What They Told Us: Reviewing Last Week’s Key Polls - Week Ending May 7, 2016
No more Trump Change: The deal’s been sealed.
Rasmussen Reports began its weekly Trump Change survey last August when Donald Trump showed the first signs of going from an entertaining sideshow to a center-ring game changer. When Trump first entered the race, just 27% of GOP voters said he was likely to be their nominee. By last week, 93% felt that way.
Most Republicans welcome Ted Cruz and John Kasich finally dropping out of the race for the GOP nomination. Democrats, on the other hand, aren’t so eager for Bernie Sanders to quit.
Still, Sanders’ win in last Tuesday’s Indiana Democratic primary is unlikely to stop Hillary Clinton from being her party’s nominee. Last month, more Democrats than ever said Clinton is likely to win their nomination. We’ll run our Hillary Meter for May next week to test those waters again.
In short, both major political parties appear to have their presidential candidates, and now the mud’s really going to fly.
Trump has inched ahead of Clinton in our latest matchup of the two. But one-in-four voters are threatening to vote third party or stay home if those are their two major party choices.
For those who are wondering, here’s how we do our polls.

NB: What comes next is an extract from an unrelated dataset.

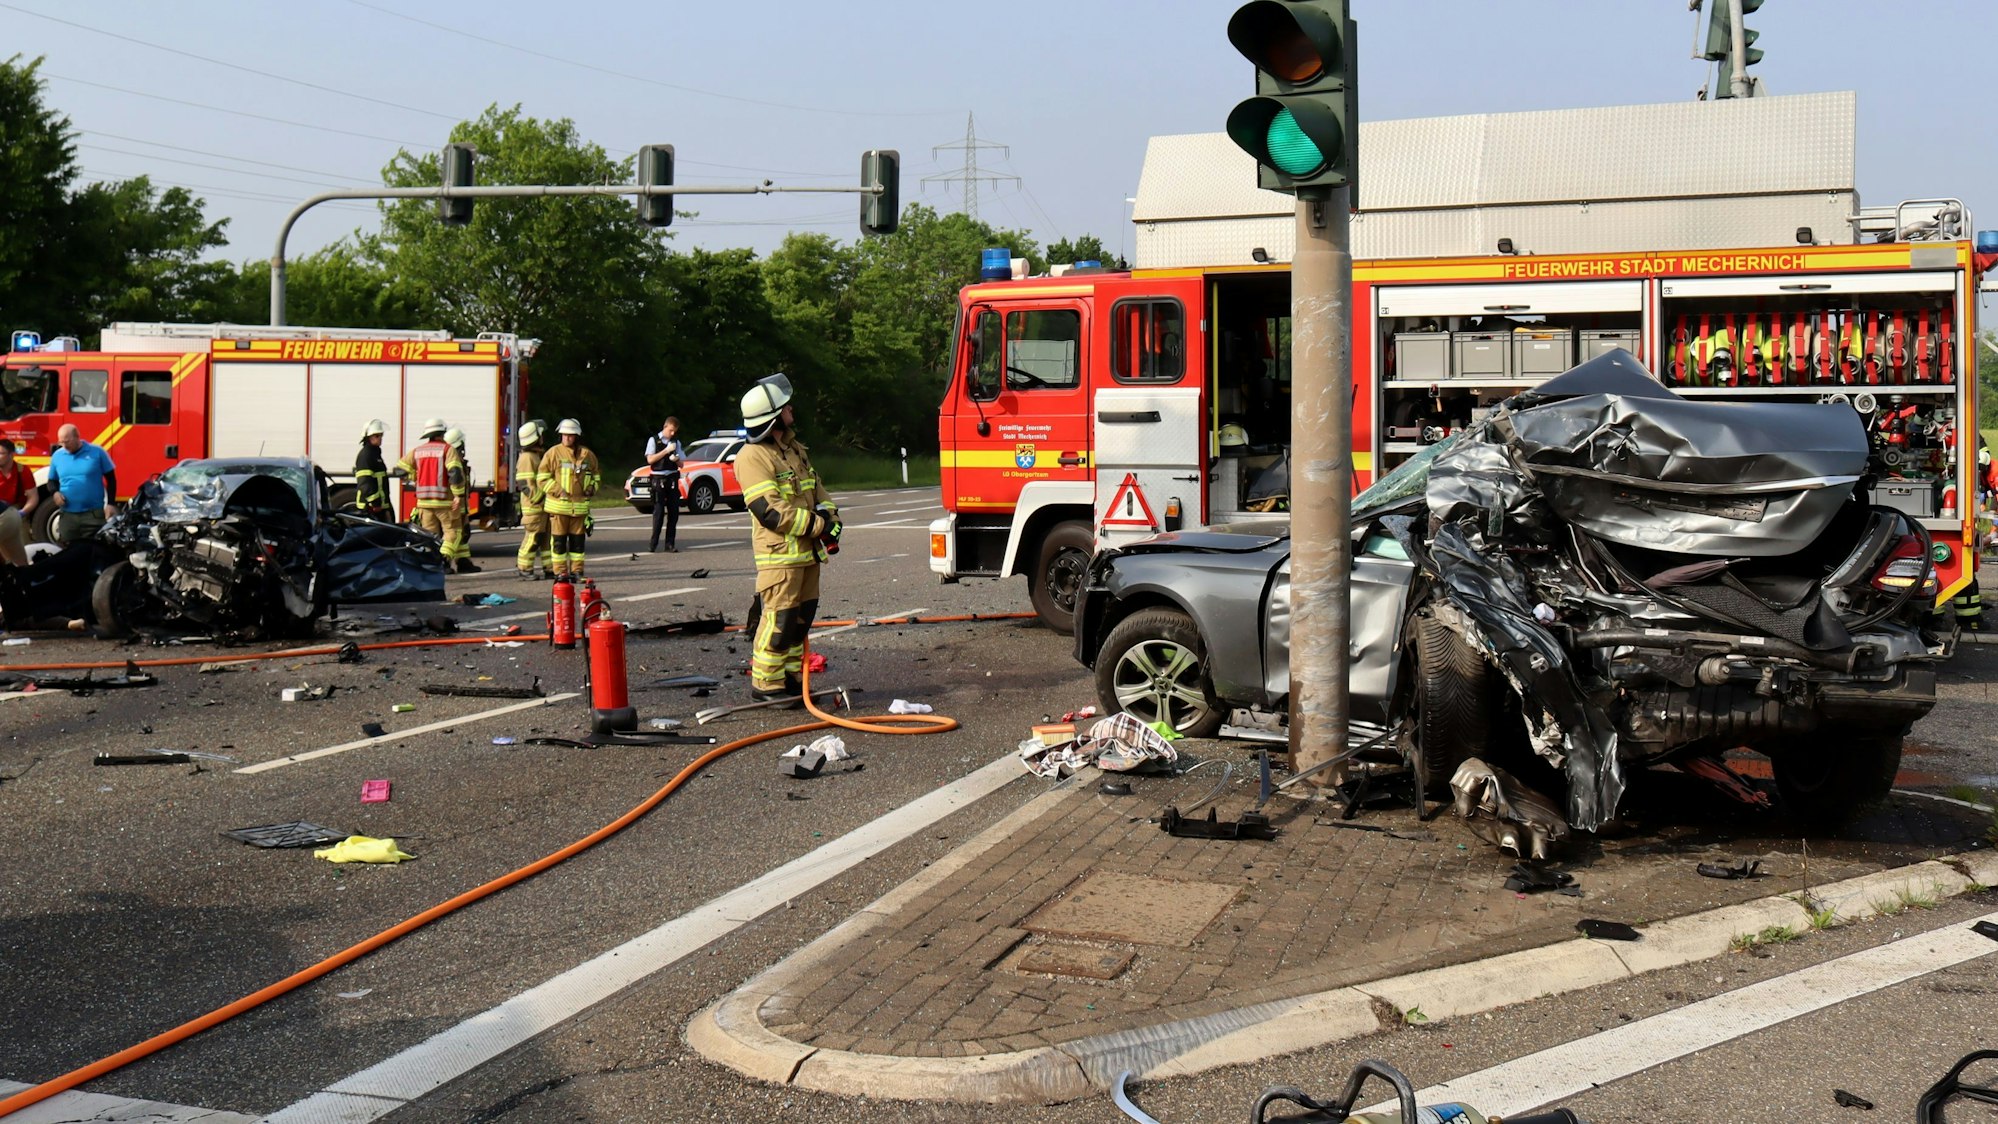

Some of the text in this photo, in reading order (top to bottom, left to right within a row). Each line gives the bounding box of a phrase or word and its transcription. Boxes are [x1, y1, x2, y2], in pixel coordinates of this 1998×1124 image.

[1504, 254, 1805, 278] FEUERWEHR STADT MECHERNICH
[283, 341, 426, 360] FEUERWEHR 112

Right now, however, as other candidates consider whether to fall in line behind their party’s presumptive standard-bearer, it’s a curse more than a blessing to endorse either Clinton or Trump.
House Speaker Paul Ryan, the highest-ranking elected Republican, is one of those who says he is not ready yet to endorse Trump as the party’s nominee. Ryan is viewed favorably by 59% of Republican voters, but that includes only 27% with a Very Favorable opinion of him.
Remember, too, that 76% of GOP voters think Republicans in Congress have lost touch with the party’s base.
Voters remain lukewarm about President Obama's national security policies and expect more of the same if Clinton moves back into the White House next January. Trump, if elected, will definitely change things, voters say, but not necessarily for the best.
Since his policies don’t appear to be any more popular, the president must be enjoying a goodbye kiss from voters. His daily job approval ratings remain better than they have been for most of his presidency.
Speaking of Obama’s policies, the U.S. Justice Department is now challenging a new North Carolina’s law that bars people from using public bathrooms that do not correspond to their biological sex, saying the law violates the civil rights of transgendered Americans. Just 21% of Americans favor allowing transgender people to use the bathrooms of the opposite sex.
Sixty-two percent (62%) of voters now think there is too much government power and too little individual freedom in America.
Americans often embrace a political idea or an issue in theory, but Rasmussen Reports’ surveying finds that they’re more reluctant to put their money where their mouth is.
Voters appear to be moving away from the idea that the U.S. Constitution should be interpreted as written and are now more likely to feel the nation's foundational document should change with the times.
Fifty-one percent (51%) think this president has been less faithful to the U.S. Constitution than his predecessors in the Oval Office. Only 19% say Obama has been more faithful to the Constitution than previous presidents when taking executive actions.
Just 29% of voters think the country is headed in the right direction.
Seventy-eight percent (78%) of Americans believe it will be difficult for this year’s college graduates to find a job in the current economy.
Consumers may still have concerns about the U.S. economy and the direction it’s heading, but it’s a different story when it comes to their own finances.
In other surveys last week:
-- Tomorrow is Mother’s Day, and while Americans don’t think much of it as a holiday, most still believe that being a mother is the most important role a woman can play.
-- As warmer weather arrives in much of the United States, most Americans see the mosquito-borne Zika virus as a major potential health problem but are confident public health agencies can handle it.
-- Even at the height of the Ebola scare in the United States in 2014, Americans were consistently confident in public health agencies’ abilities to control the spread of the virus.
-- Like the British themselves, Americans have decidedly mixed feelings about a “Brexit,” Great Britain's potential withdrawal from the European Union.